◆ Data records
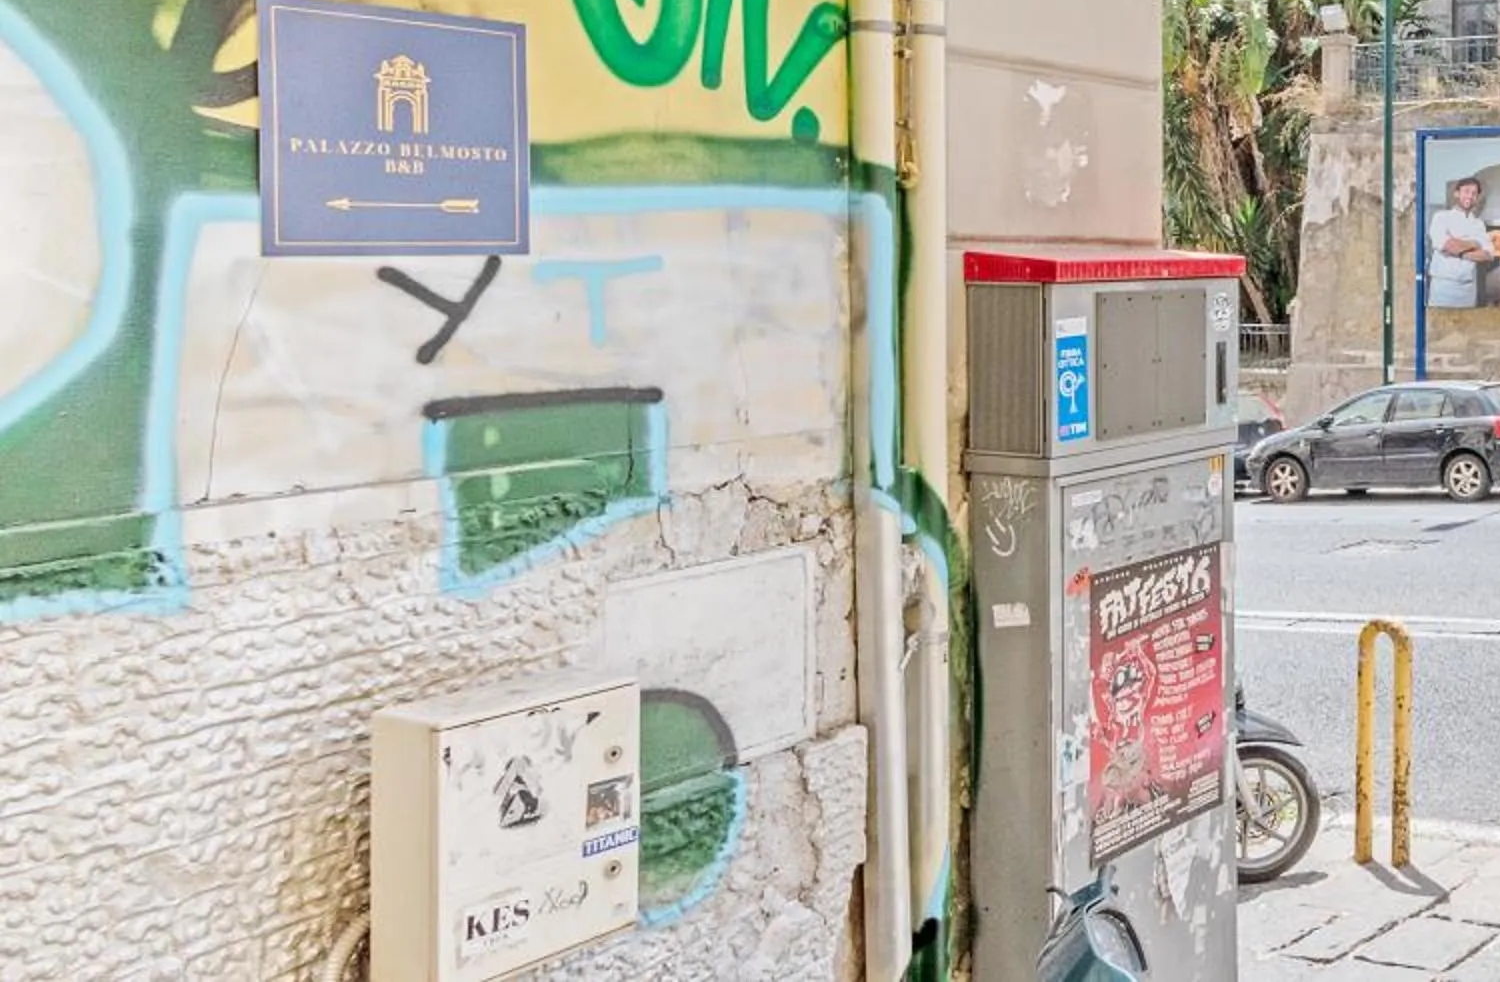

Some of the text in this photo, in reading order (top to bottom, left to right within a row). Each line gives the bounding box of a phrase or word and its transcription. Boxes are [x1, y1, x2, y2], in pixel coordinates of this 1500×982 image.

[290, 137, 508, 162] PALAZZO BELMOSTO
[384, 160, 425, 175] B&B
[584, 826, 640, 857] TITANIC
[465, 898, 531, 941] KES
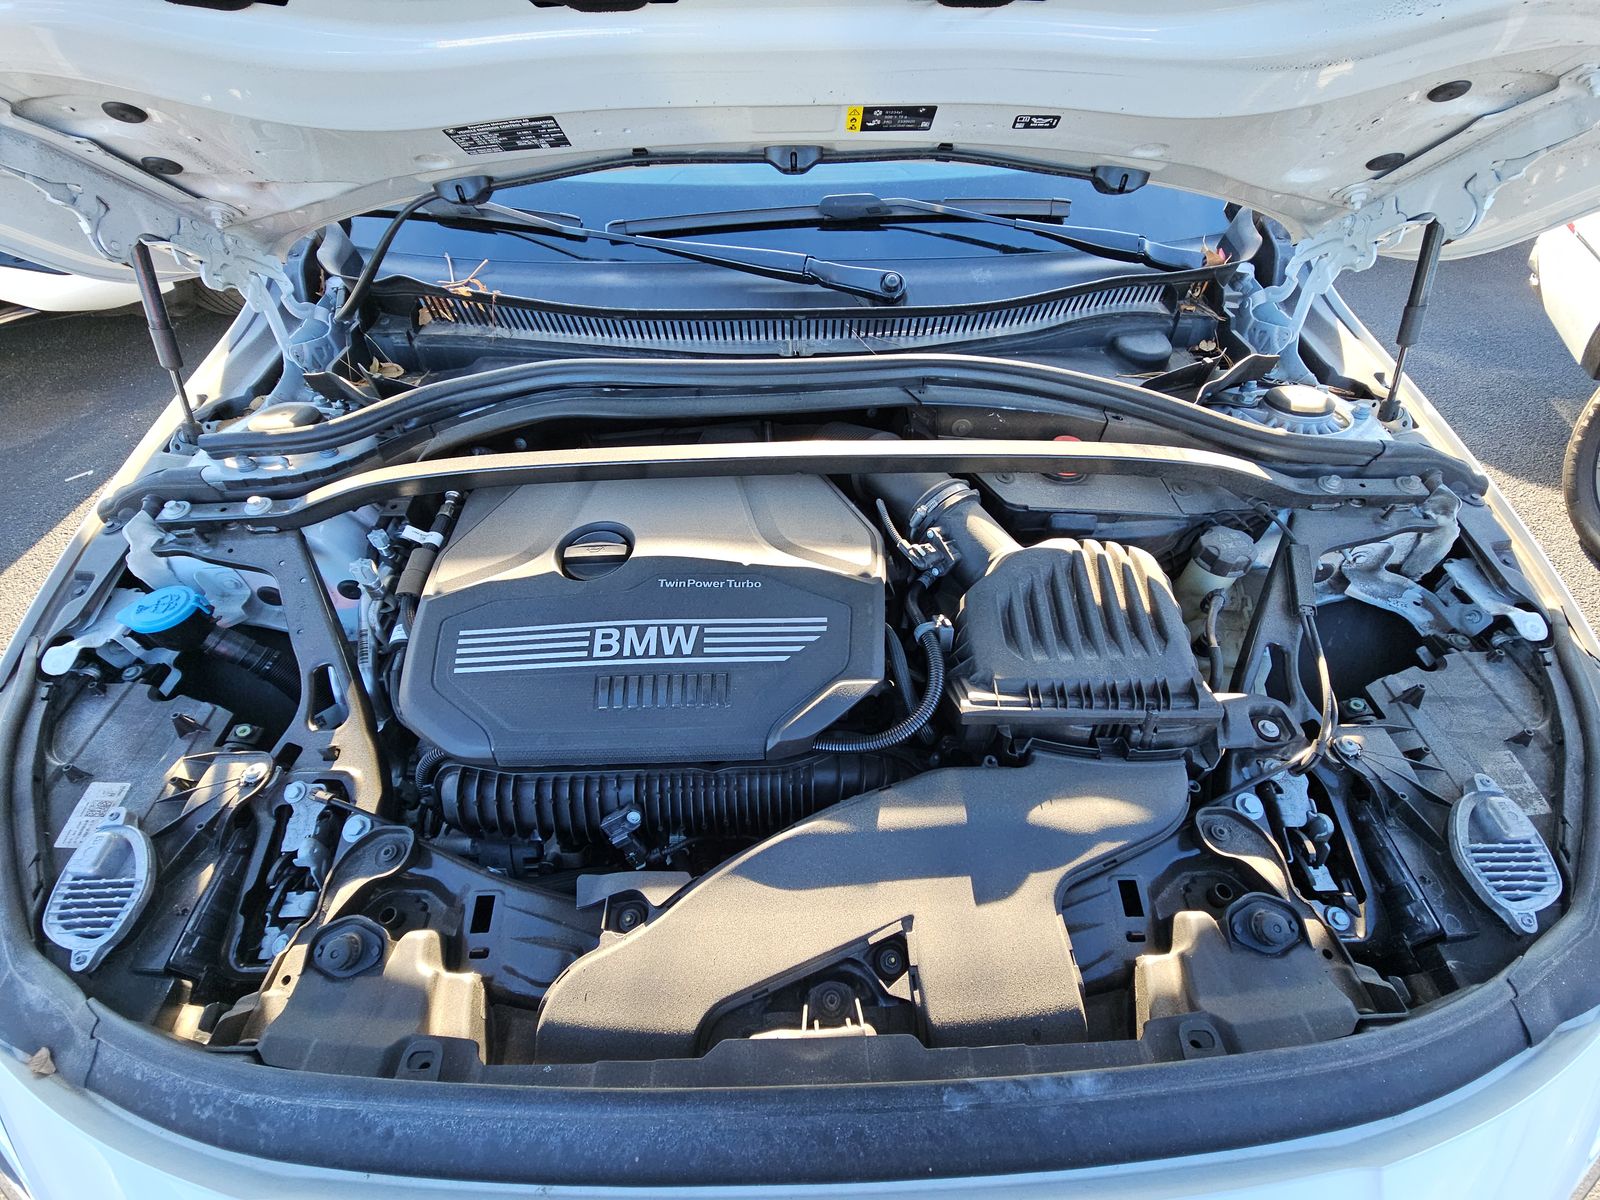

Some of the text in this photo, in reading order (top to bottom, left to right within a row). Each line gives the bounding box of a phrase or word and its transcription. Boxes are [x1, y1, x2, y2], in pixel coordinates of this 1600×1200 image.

[658, 578, 763, 589] TwinPower Turbo
[592, 625, 700, 658] BMW
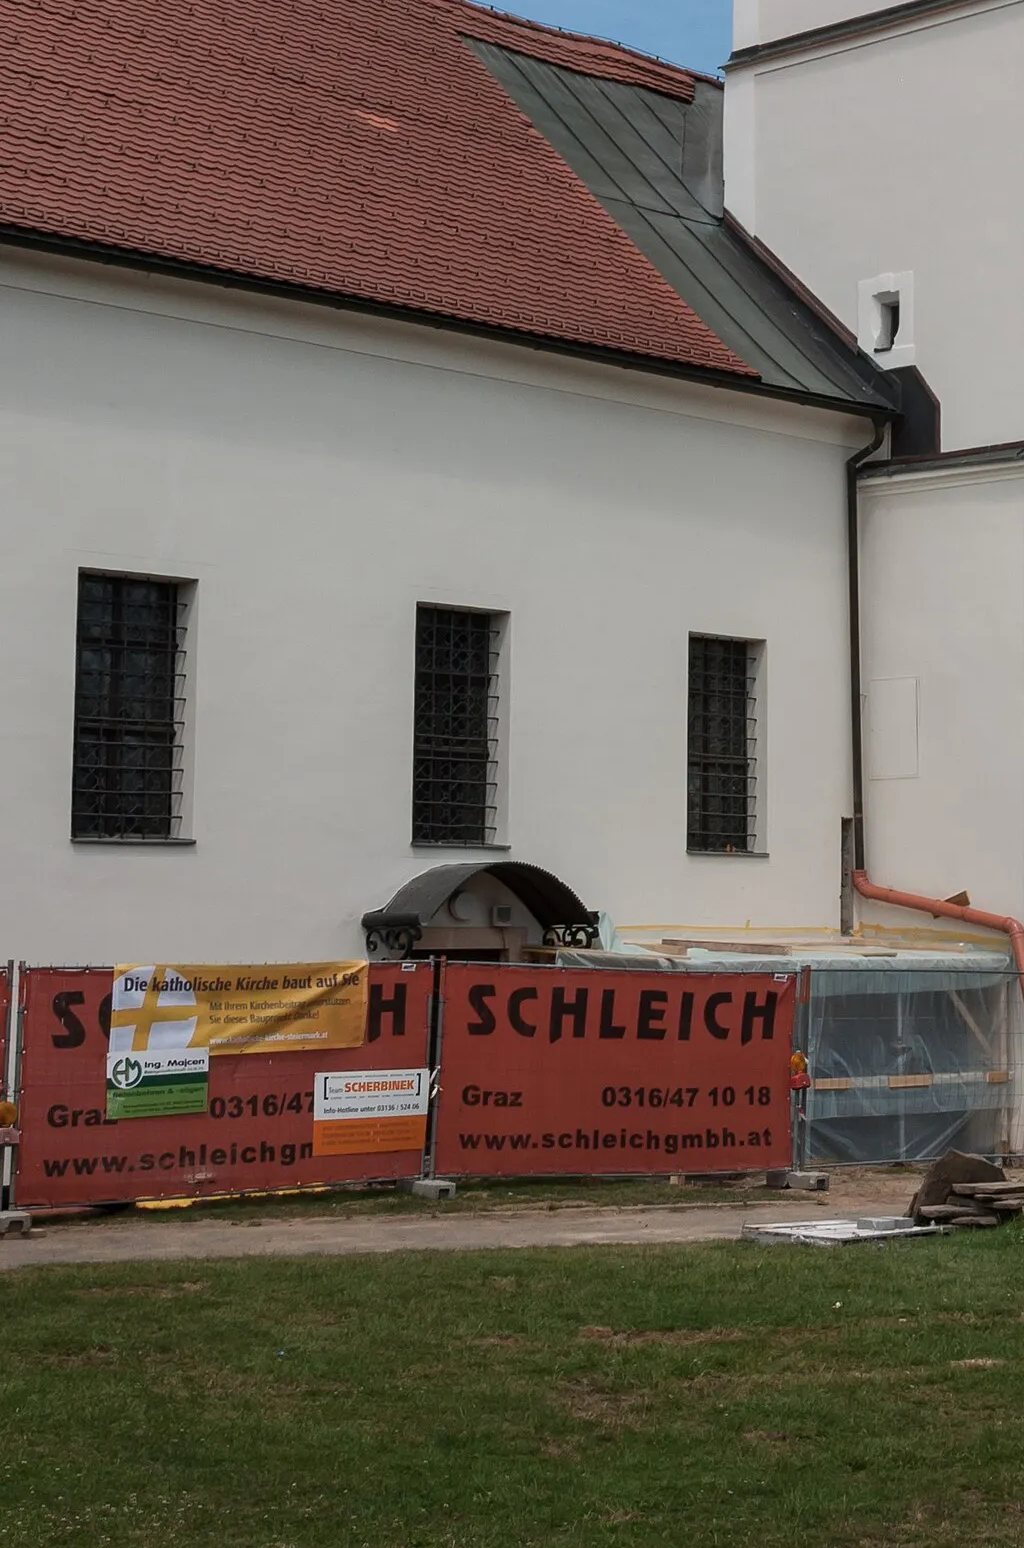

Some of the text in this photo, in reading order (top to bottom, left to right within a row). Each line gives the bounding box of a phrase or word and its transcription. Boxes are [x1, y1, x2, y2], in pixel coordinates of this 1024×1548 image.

◆ What to do
Every line of the data above is to be repeated exactly; the images are to be left out.

◆ Written reply
Some of the text in this photo, in reading order (top to bottom, left to right within a row). Each line gives the bounding box of a phrase or word and its transcription. Boxes are [x1, y1, x2, y2], in pixel coordinates of this 1500×982 image.

[290, 137, 508, 162] PALAZZO BELMOSTO
[384, 160, 425, 175] B&B
[584, 826, 640, 857] TITANIC
[465, 898, 531, 941] KES

Some of the text in this photo, in reading order (top to bottom, left to right within a row). Each line gives the bounding box of a phrase or word and its transcription. Boxes are [x1, y1, x2, y2], in pixel coordinates of this 1600×1200 image.

[658, 578, 763, 589] TwinPower Turbo
[592, 625, 700, 658] BMW

Some of the text in this photo, in reading order (top to bottom, left to right within a row). Each line gives the bounding box of a phrase or word and its transcription. Boxes are [x1, y1, x2, y2], in pixel coordinates of this 1024×1548 image.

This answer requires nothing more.